I built MCPSEC, a security gatekeeper for MCP (Model Context Protocol) toolchains.
It scans MCP configs, correlates vulnerability intel (OSV / GHSA / NVD), simulates tool abuse with an LLM-based probe agent, generates a policy + patch plan, applies hardening, then re-scans and gates CI on the final risk score.

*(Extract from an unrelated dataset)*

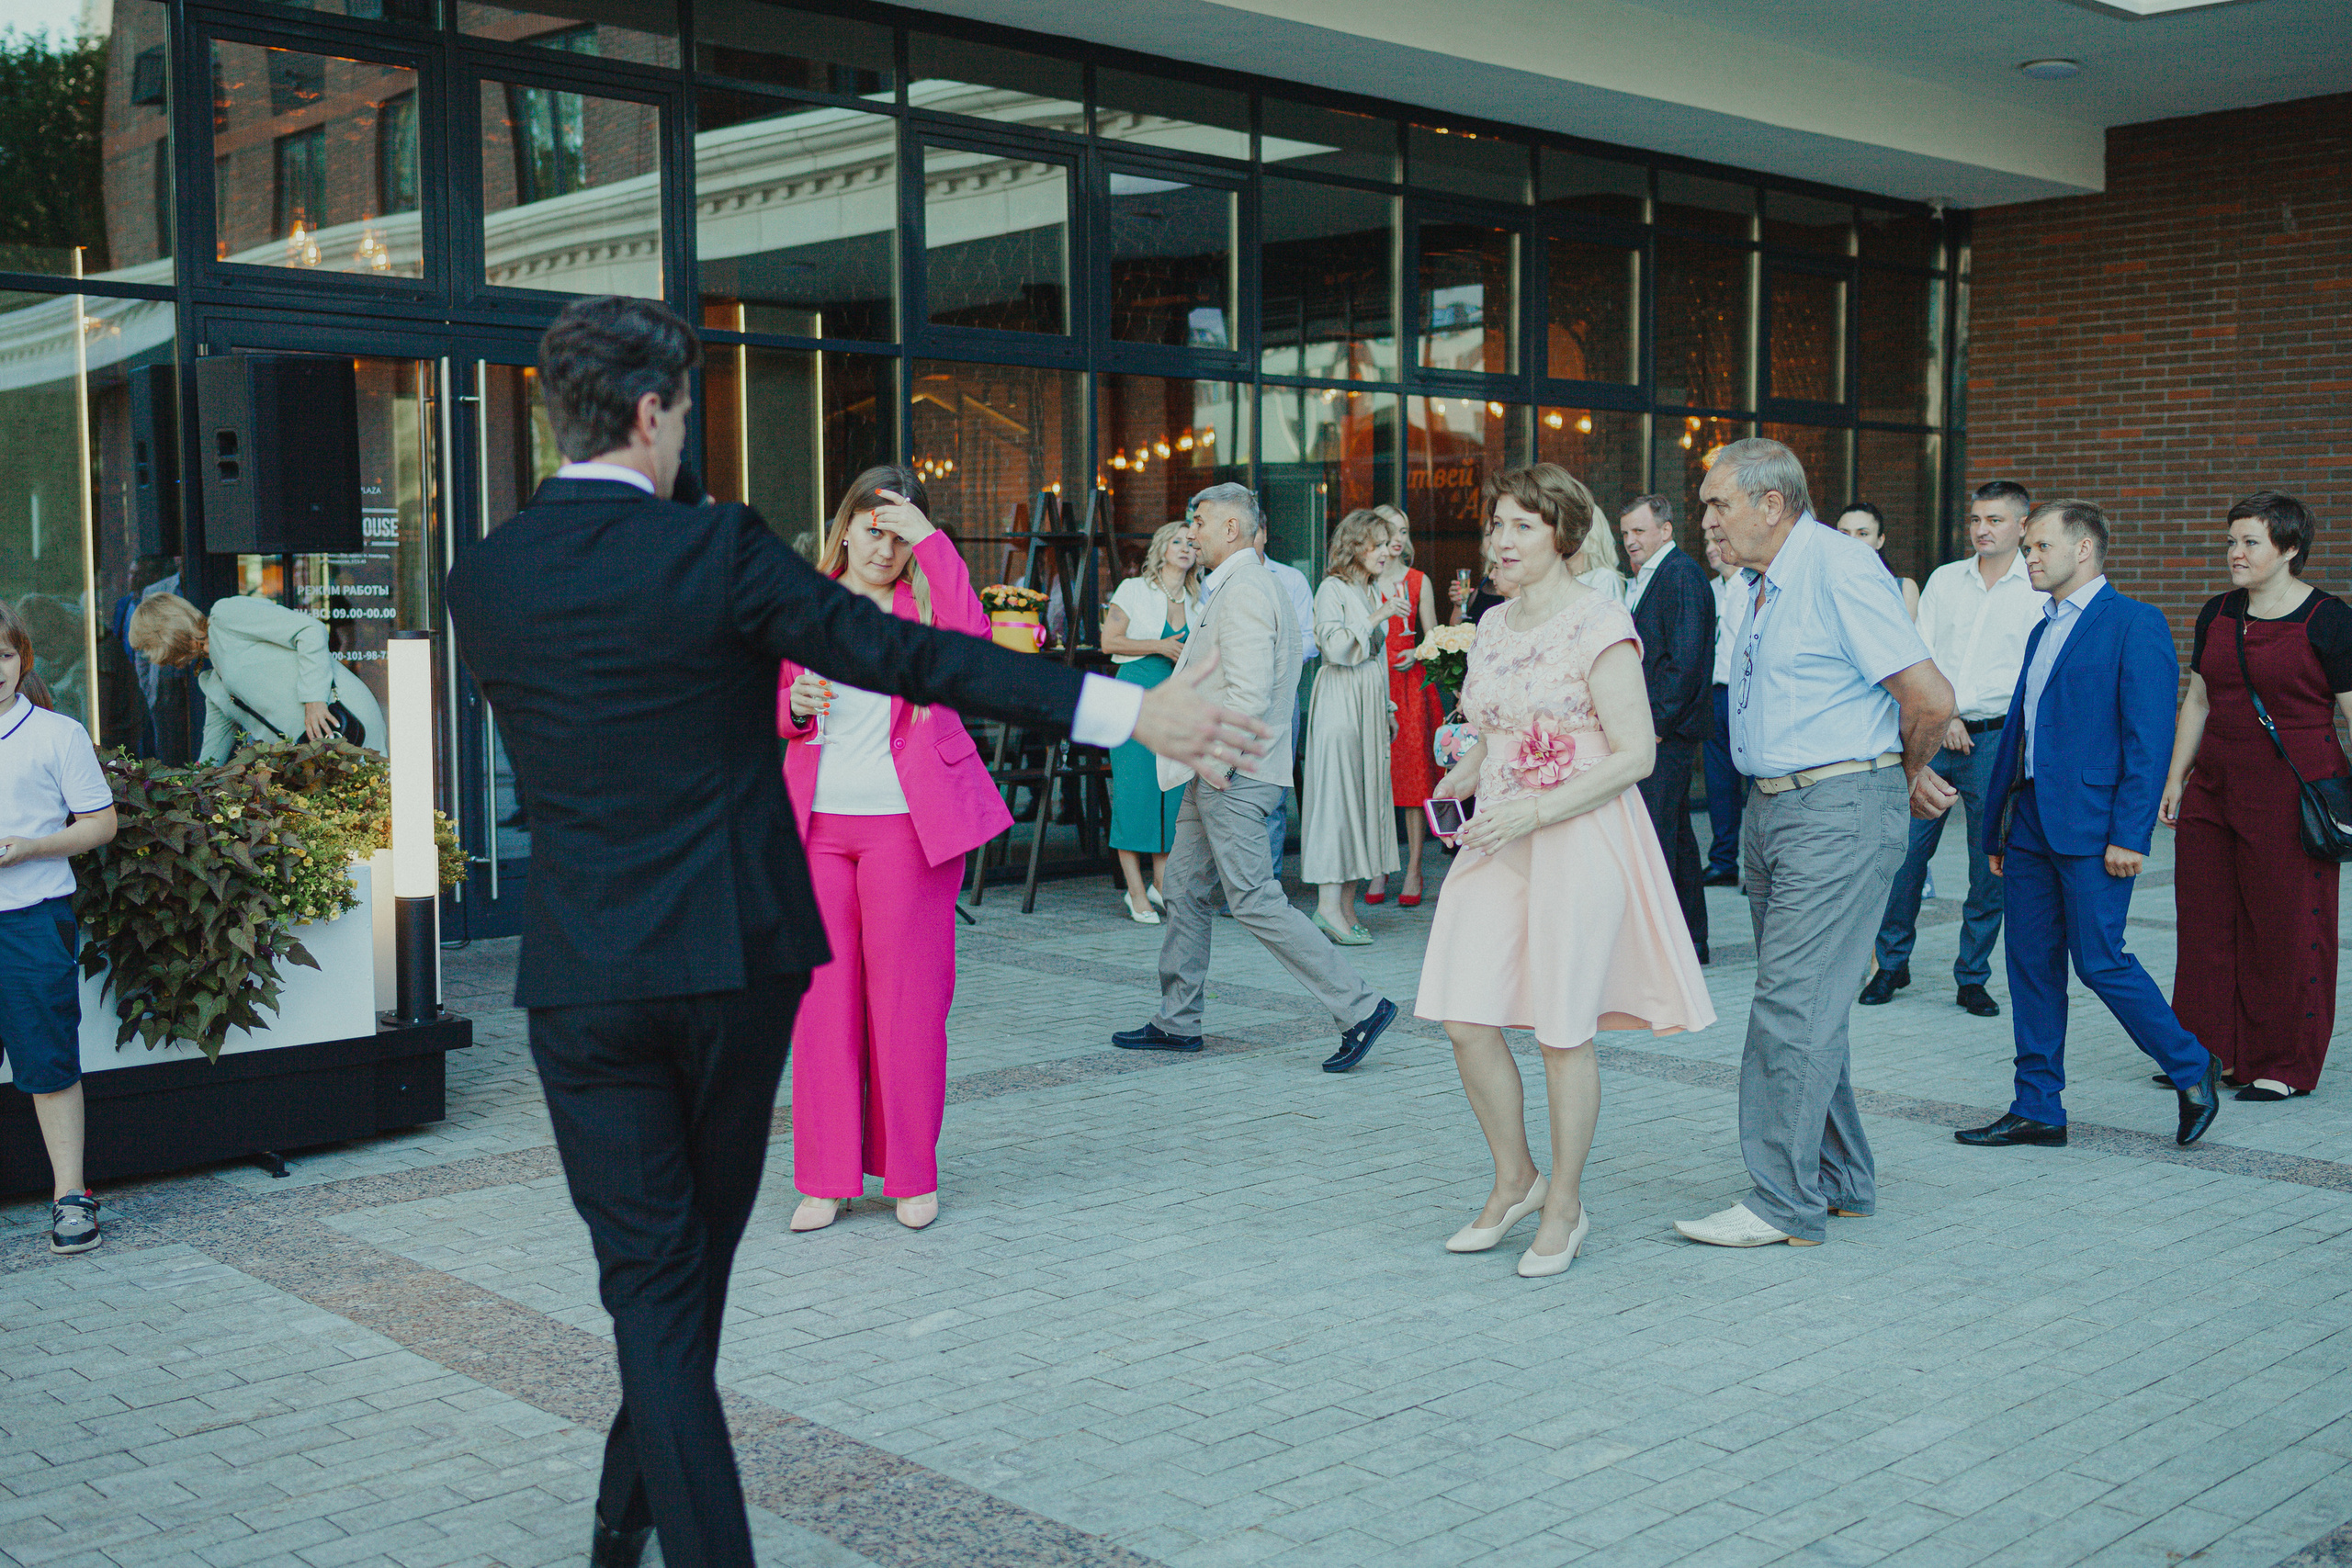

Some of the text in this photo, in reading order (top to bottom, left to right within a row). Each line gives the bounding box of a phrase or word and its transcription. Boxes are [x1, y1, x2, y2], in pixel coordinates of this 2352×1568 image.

The design is intentionally agentic: - Inventory agent: parses MCP configs - Intel agent: pulls vuln data (OSV / GHSA / NVD) - Probe agent (LLM, optional): generates adversarial tool abuse prompts - Policy agent (LLM, optional): turns findings into concrete config changes - Orchestrator: merges results, scores risk, writes reports, applies patches
You can run it locally as a CLI or drop it into CI as a GitHub Action: - It produces before/apply/after reports as artifacts - It can fail PRs if the final risk score stays above a threshold - Without an LLM token it works as a deterministic scanner; with one it becomes a true “security copilot”
Repo: https://github.com/yuvrajgitwork/MCP-toolchain-security-GK Demo workflow: scan → apply → rescan → lower score
I built this because MCP toolchains are becoming powerful and over-privileged very quickly, and there’s basically no security gate for them yet.
Would love feedback from folks working in AI infra / security.